Iran’s national soccer team held Belgium to a 0-0 draw in Los Angeles on Sunday, earning its second point of the World Cup and preserving its chance of advancing to the next round. After the match, regime-linked media in Tehran published a message the players reportedly left in the locker room thanking Los Angeles for its hospitality and expressing gratitude to Iranians who supported the team during its two matches in the city. The note said the team had come “with pride,” competed “with honor” and was leaving “with dignity,” and concluded with a call for “peace, respect and friendship” among nations. Iran’s next match, against Egypt, is scheduled for Washington.
The message also included the hashtags “Minab” and “168,” linking the team’s World Cup campaign to a wartime symbol adopted by Iranian officials. Iran is competing under the name “Minab 168,” commemorating the strike on the Shajareh Tayyebeh girls' elementary school in Minab on the first day of Operation Roaring Lion. Iranian reports said 168 people were killed there. The Minab reference has been echoed beyond sports: members of Iran’s negotiating delegation have worn pins bearing the same name, and senior officials have invoked it in public statements. Foreign Minister Abbas Araghchi wrote on X that efforts “from the football pitch to the negotiating table to the battlefield” were part of defending the dignity of the Iranian people, while parliament speaker Mohammad Bagher Ghalibaf posted a match image alongside the message, “This is how we protect our land.”
At the same time, the team’s appearances in Los Angeles have exposed visible opposition to the Islamic Republic among some supporters. Iran International reported that some fans booed the Iranian national anthem before the Belgium match, while others entered the stadium carrying Lion and Sun flags associated with pre-1979 Iran. The outlet also said opponents of the government staged a rally outside the venue, and one attendee was seen with a sign criticizing the reported arrest of former goalkeeper Rashid Mazaheri and denouncing the killing of protesters in January. Iranian state media reported in May that Mazaheri had been arrested in West Azerbaijan province and held in Urmia Prison, with authorities alleging he had tried to leave the country illegally and bribe border guards.
The dispute over flags has become a broader symbol of competing views of Iran itself. FIFA has classified the pre-revolutionary Lion and Sun flag as political expression and barred it from World Cup venues under its code of conduct, a restriction upheld by a Los Angeles court after a legal challenge. Enforcement, however, has been uneven, with fans continuing to bring the symbol into stadiums in various forms.
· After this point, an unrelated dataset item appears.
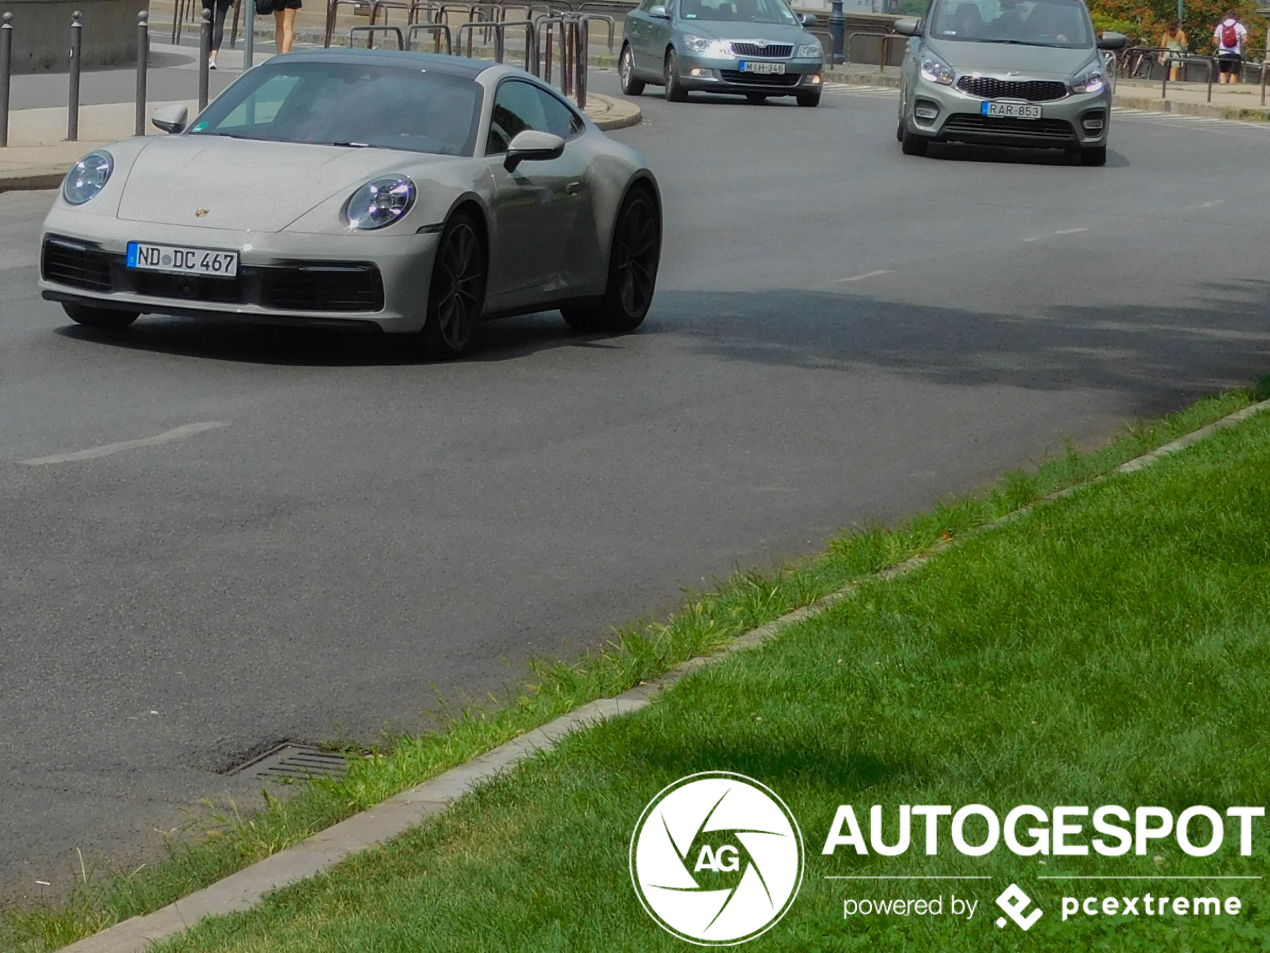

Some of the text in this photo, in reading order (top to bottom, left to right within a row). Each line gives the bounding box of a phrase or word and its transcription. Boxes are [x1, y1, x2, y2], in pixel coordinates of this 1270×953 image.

[746, 63, 784, 73] MIH-346
[990, 104, 1039, 117] RAR-853
[138, 246, 235, 273] ND DC 467
For many in the Iranian diaspora, especially in the Los Angeles area, the Lion and Sun represents a national identity separate from the current state. Others continue to support Team Melli regardless of their politics, arguing that backing the players is not the same as endorsing the government. That split has turned Iran’s World Cup run into more than a sporting story, reflecting a wider struggle over representation, memory and dissent on an international stage.